Si miramos quienes han investigado esto en Chile y descrito este fenómeno, en general son todos extranjeros o chilenos residentes en el extranjero, fuera de escasos artículos en los medios. La primera persona que describe maestralmente el compadrazgo chileno a fines de los años 1960, la antropóloga mexicana Larissa Lomnitz, vaticinaba que esta práctica estaba condenada a desaparecer con la modernización de la vida social. Lomnitz atribuía en ese entonces una notoria importancia a este intercambio, que según ella podía ser considerado como el recurso estratégico del cual disponía el sector medio chileno y que le permitía asumir un papel de mediación entre sectores obreros y élites, secundada en ese entonces en su acceso al Estado primero por el Partido Radical y luego por la Democracia Cristiana. Afirmaba incluso que se trataba de un “criterio crucial para la membresía dentro de la clase media” (Lomnitz, 1994: 19).
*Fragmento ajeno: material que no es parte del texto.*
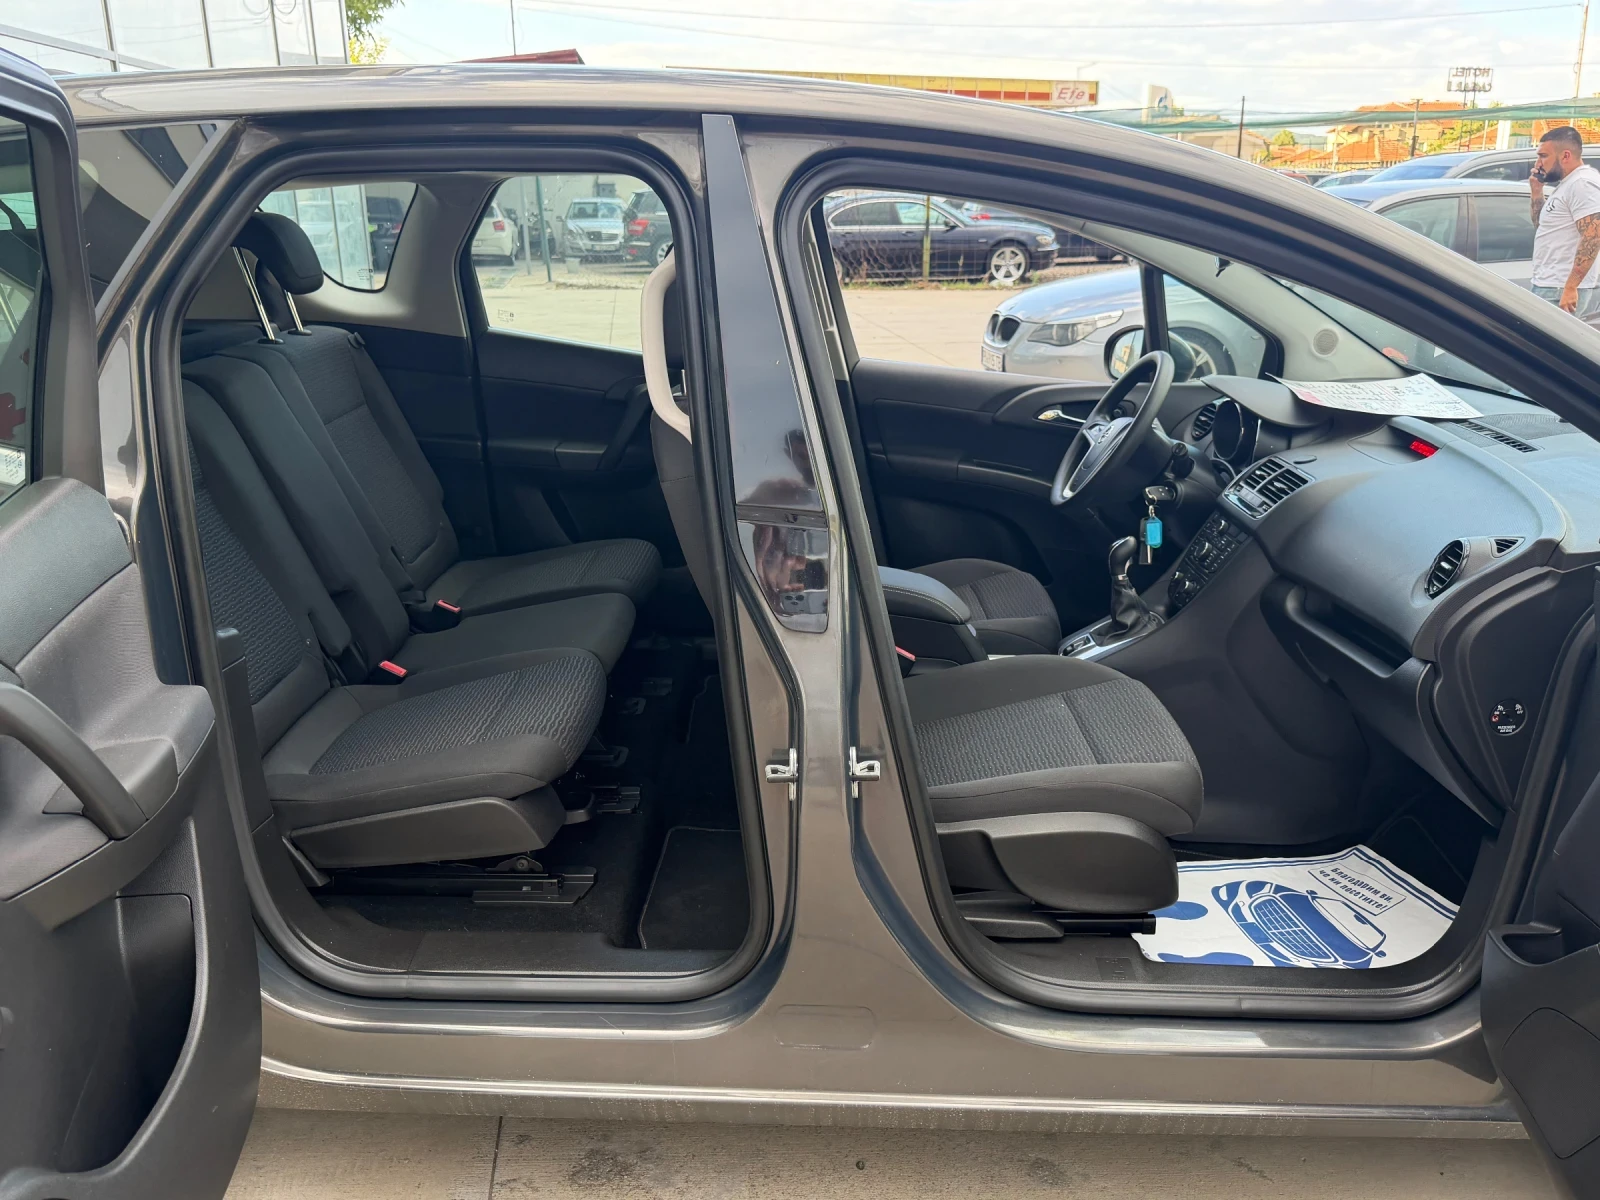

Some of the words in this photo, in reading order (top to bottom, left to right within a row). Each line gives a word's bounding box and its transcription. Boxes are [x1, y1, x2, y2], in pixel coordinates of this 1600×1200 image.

[1056, 87, 1086, 101] Efe
[1318, 869, 1331, 879] че
[1328, 876, 1342, 886] ни
[1339, 883, 1389, 911] посетихте!
[1330, 867, 1381, 896] Благодарим
“En un país donde los servicios básicos son caros cuando son privados y bastante deficientes cuando son públicos, conseguir ventajas y beneficios apelando a vínculos es crucial”.
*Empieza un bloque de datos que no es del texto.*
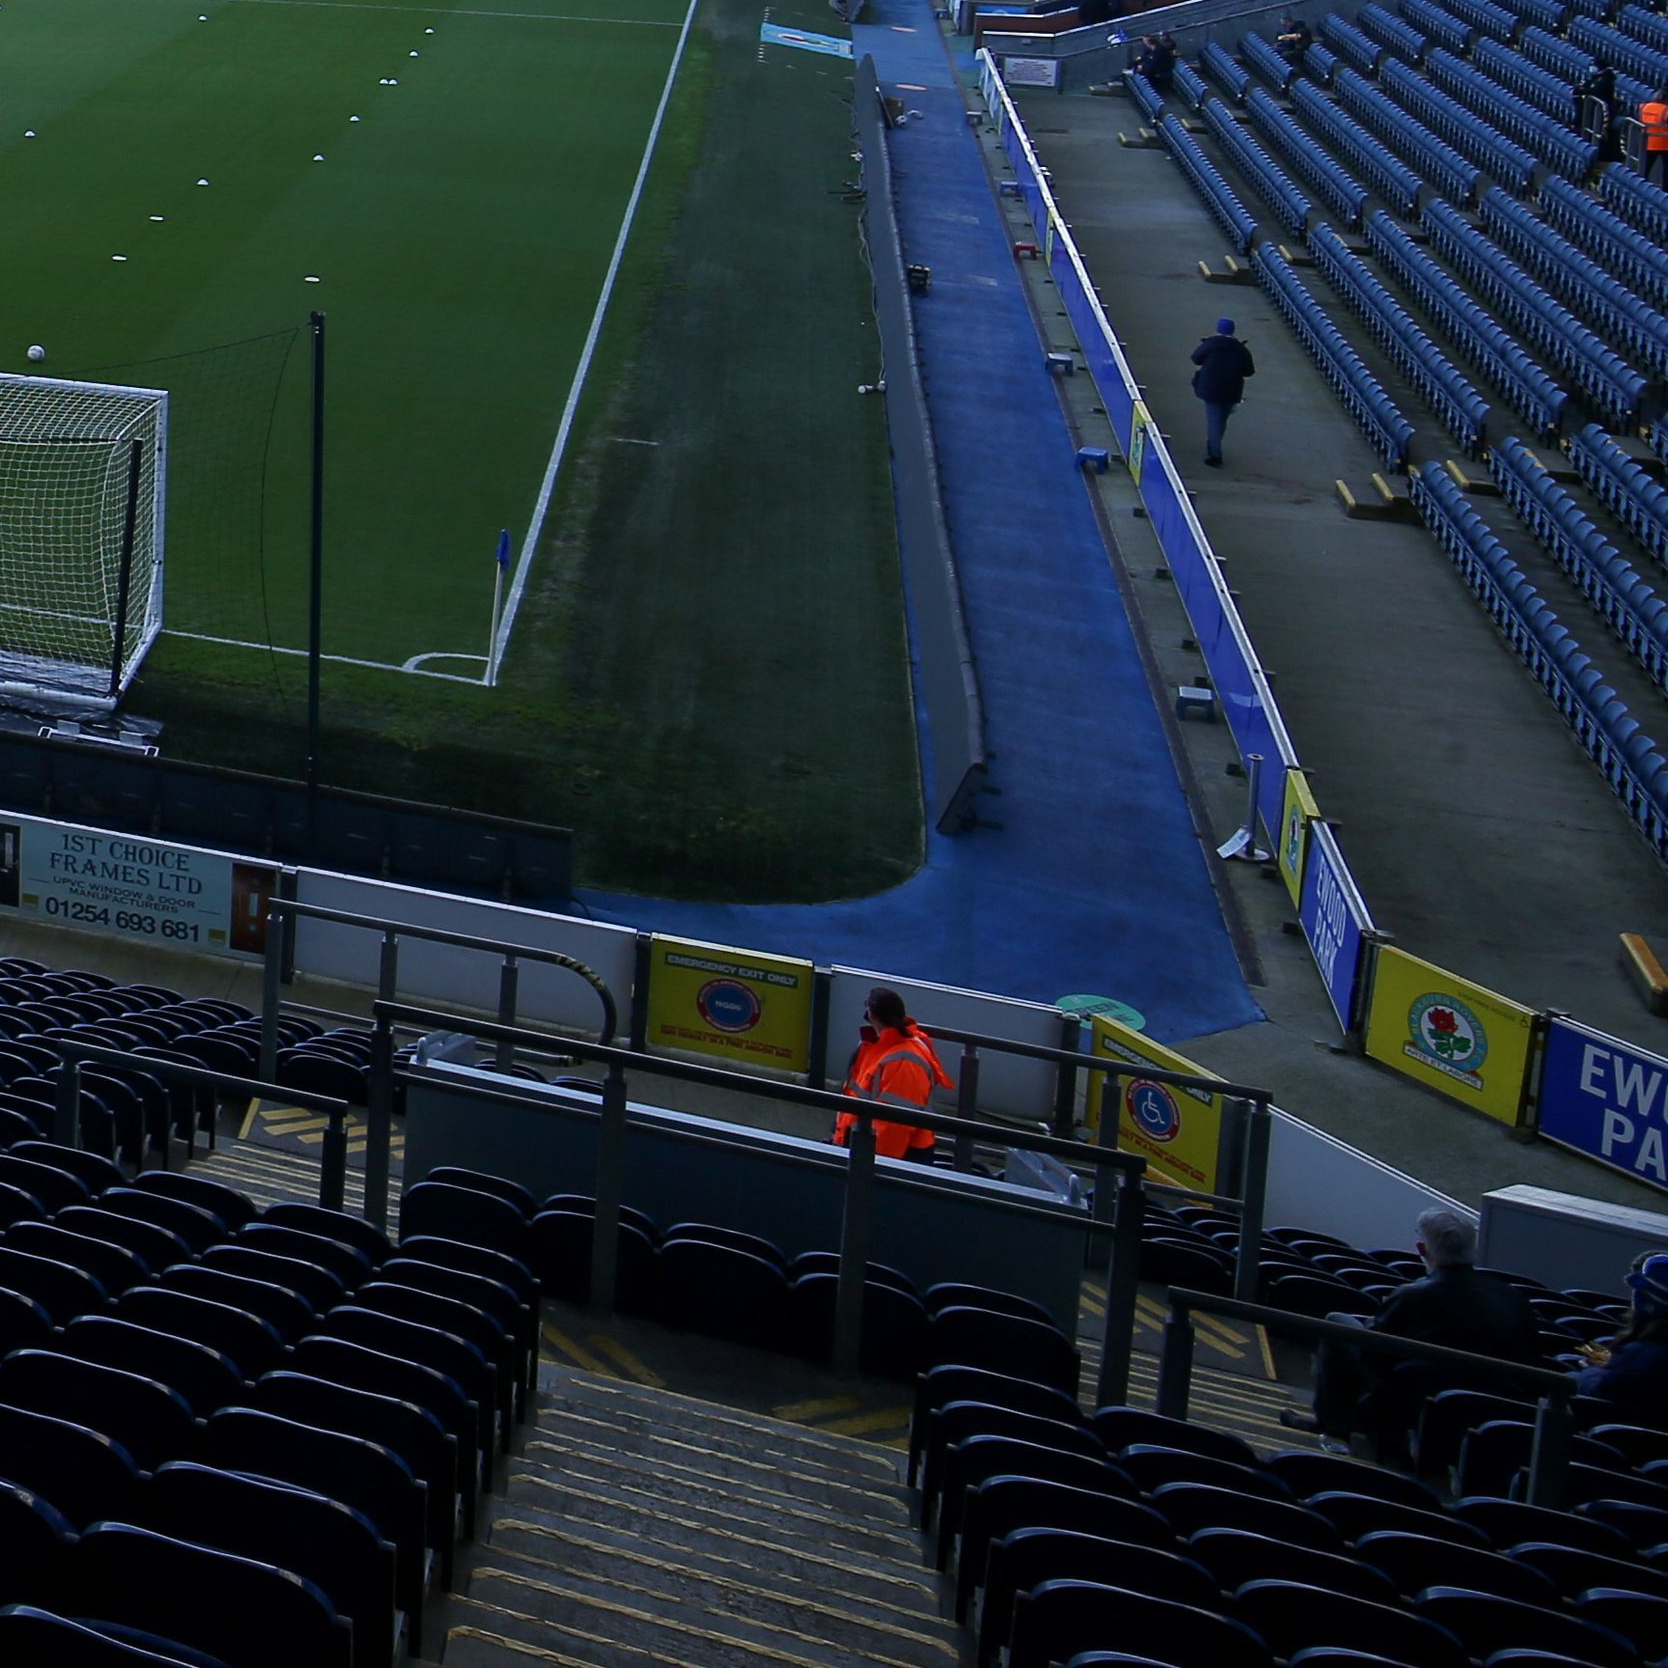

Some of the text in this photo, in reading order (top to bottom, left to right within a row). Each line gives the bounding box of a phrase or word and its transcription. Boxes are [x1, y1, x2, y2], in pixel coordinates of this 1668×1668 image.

Su aporte es la base de mi trabajo sobre intercambio de favores en las clases medias, tema en el que me interesé al poco de llegar a Chile, a comienzos de los ‘90, cuando el país se consideraba el laboratorio del neoliberalismo y era definido como el “jaguar de América Latina”. Es esa época recuerdo una escena, que como la del principio de esta columna, es también un ritual muy chileno: una amiga de clase media, recién egresada de una prestigiosa universidad me dijo que necesitaba trabajo y ante mi atónita mirada, en vez de mandar su CV a empresas de su rubro (como cabía esperarlo en un país dominado por el neoliberalismo y por la idea del triunfo de los mejores), abrió su libreta telefónica y llamó a sus contactos, amigos y familiares, poco de ellos relacionados con sus estudios. A las pocas semanas estaba trabajando. Desde esos años, no he dejado de mirar atentamente como se practica el pituto. Debo confesar que, al comprender las reglas del juego, también aprendí a recurrir a él para navegar en la sociedad chilena.
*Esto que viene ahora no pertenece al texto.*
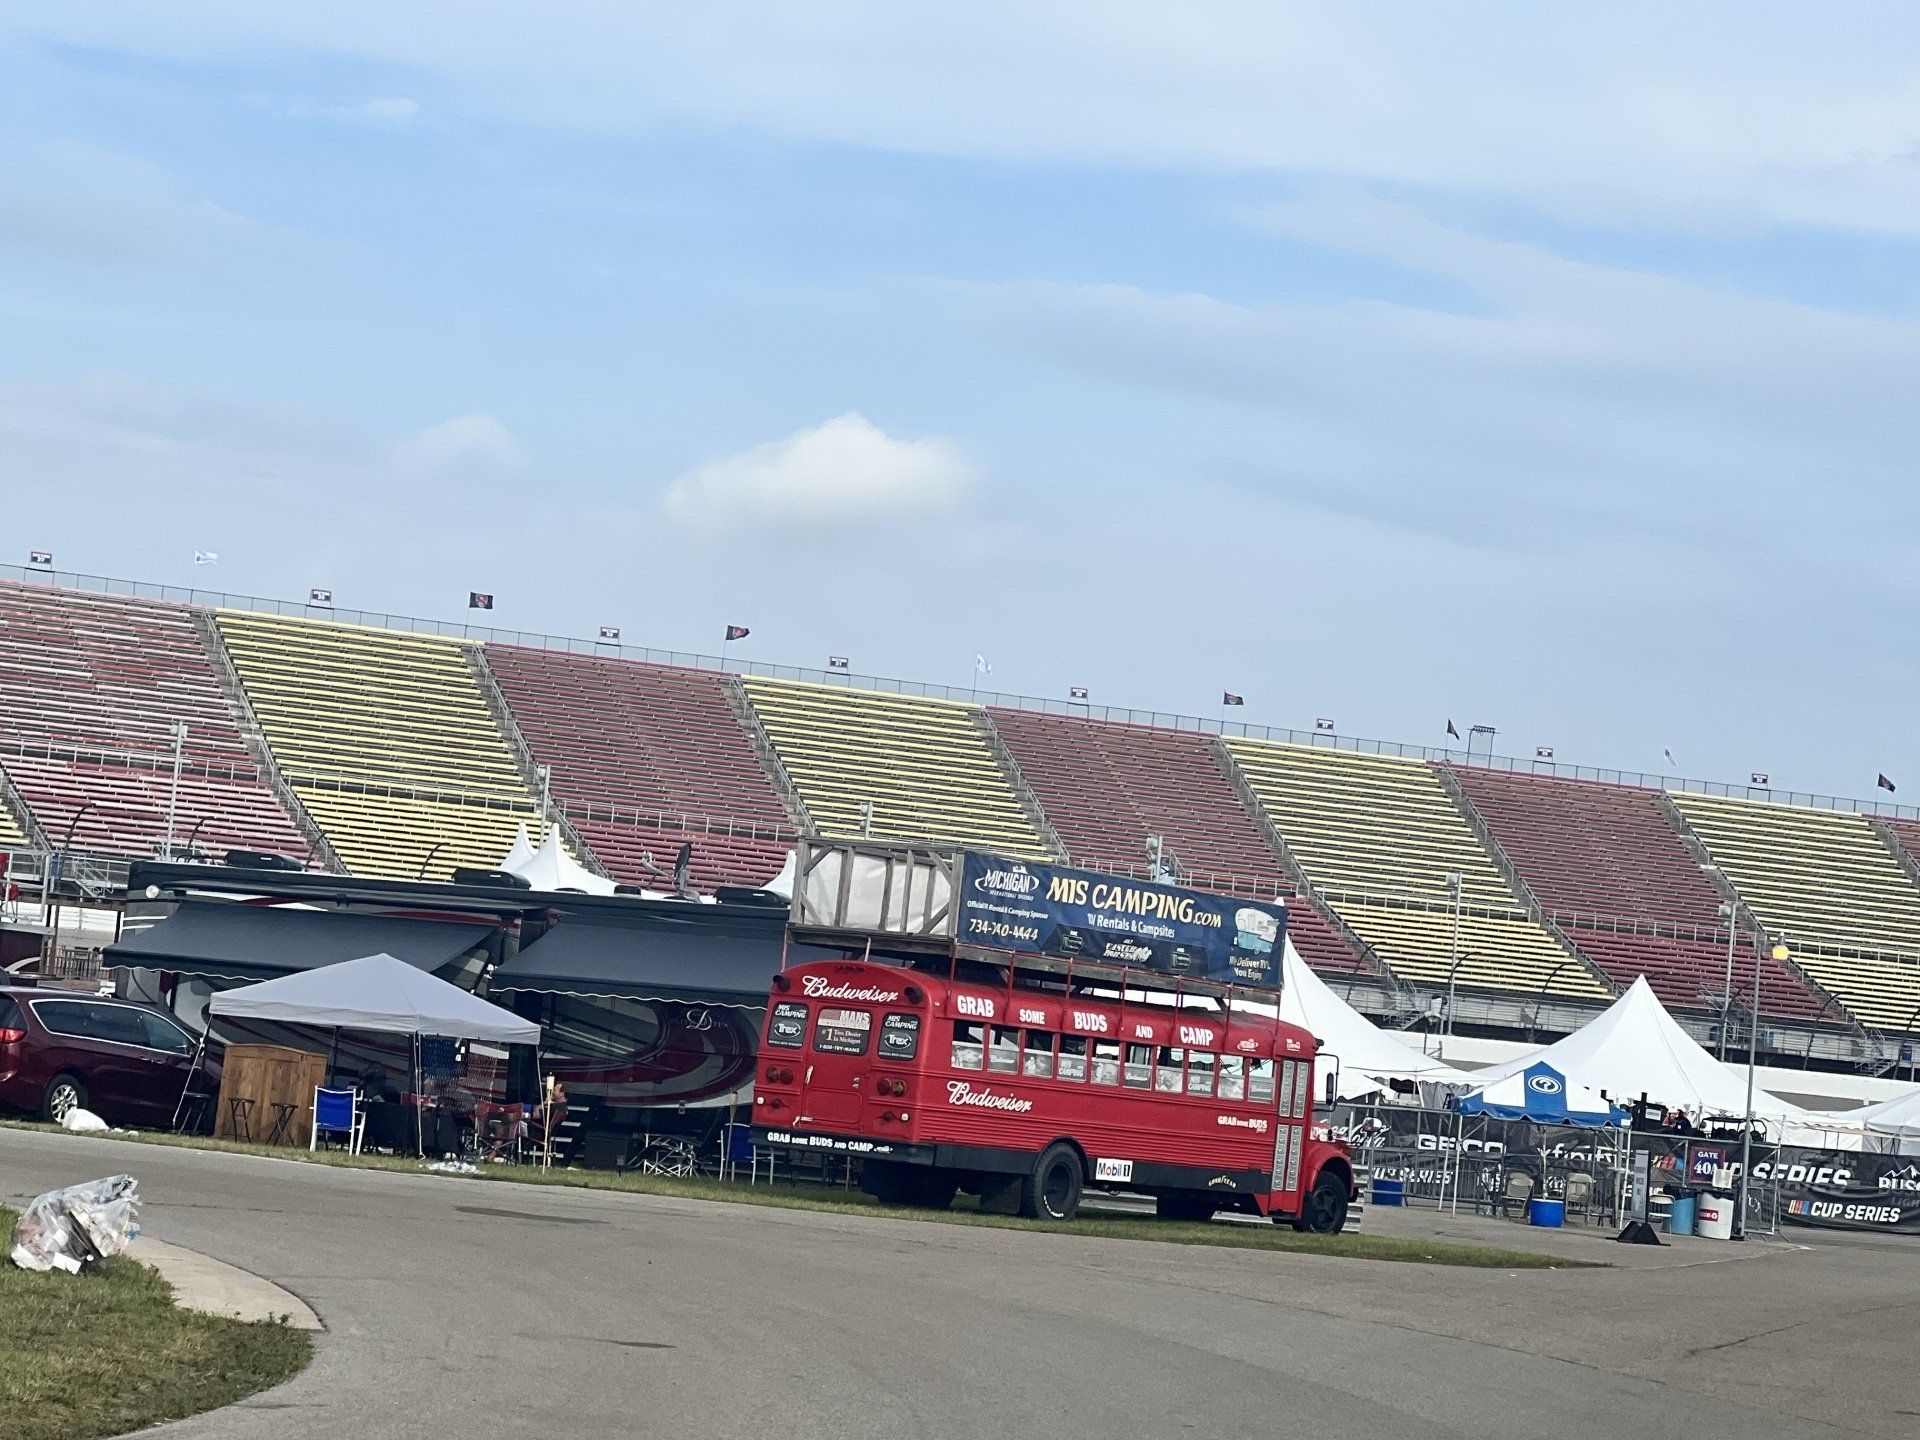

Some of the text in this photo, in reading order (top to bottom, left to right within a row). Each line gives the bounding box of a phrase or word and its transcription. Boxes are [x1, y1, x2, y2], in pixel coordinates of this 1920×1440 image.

[983, 869, 1031, 893] MICHIGAN
[1046, 877, 1090, 906] MIS
[1008, 908, 1030, 918] Camping
[1030, 911, 1049, 919] Sponsor
[1097, 914, 1130, 931] Rentals
[1131, 920, 1137, 932] &
[1138, 921, 1175, 938] Campsites
[802, 975, 899, 1003] Budweiser
[775, 1010, 806, 1018] CAMPING
[839, 1010, 870, 1024] MANS
[957, 995, 994, 1018] GRAB
[1019, 1009, 1045, 1025] SOME
[1074, 1011, 1108, 1032] BUDS
[1135, 1025, 1153, 1039] AND
[1180, 1026, 1214, 1046] CAMP
[778, 1023, 798, 1034] Trex
[885, 1021, 917, 1029] CAMPING
[889, 1034, 909, 1045] Trex
[946, 1080, 1033, 1113] Budweiser
[1217, 1115, 1237, 1126] GRAB
[1249, 1119, 1267, 1129] BUDS
[767, 1132, 791, 1143] GRAB
[809, 1136, 834, 1148] BUDS
[834, 1141, 847, 1149] AND
[848, 1141, 874, 1152] CAMP
[1418, 1133, 1504, 1153] GEICO
[1697, 1151, 1719, 1160] GATE
[1098, 1163, 1122, 1177] Mobil
[1811, 1201, 1901, 1224] CUP SERIES
¿Es entonces la educación superior el recurso más crucial para asegurar la movilidad y la salida de la vulnerabilidad de las clases medias chilenas? En muchos casos sí, pero siempre y cuando venga sazonada con redes personales y una buena dosis de amistad y necesidad, pues el pituto es parte de la estructura defensiva de la clase media.
Referencias
BAROZET, E. 2006), “El valor histórico del pituto: clase media, integración y diferenciación social en Chile”, Revista de Sociología del, N°20, 2006, pp.69-96.
LOMNITZ L. (1994). “« El compadrazgo », reciprocidad de favores en la clase media urbana de Chile”, en Redes sociales, cultura y poder: ensayos de antropología latinoamericana, México, FLACSO.
MAUSS, M. (1960[1924]). “Essai sur le don. Forme et raison de l’échange dans les sociétés archaïques”, en Sociologie et anthropologie, París, PUF.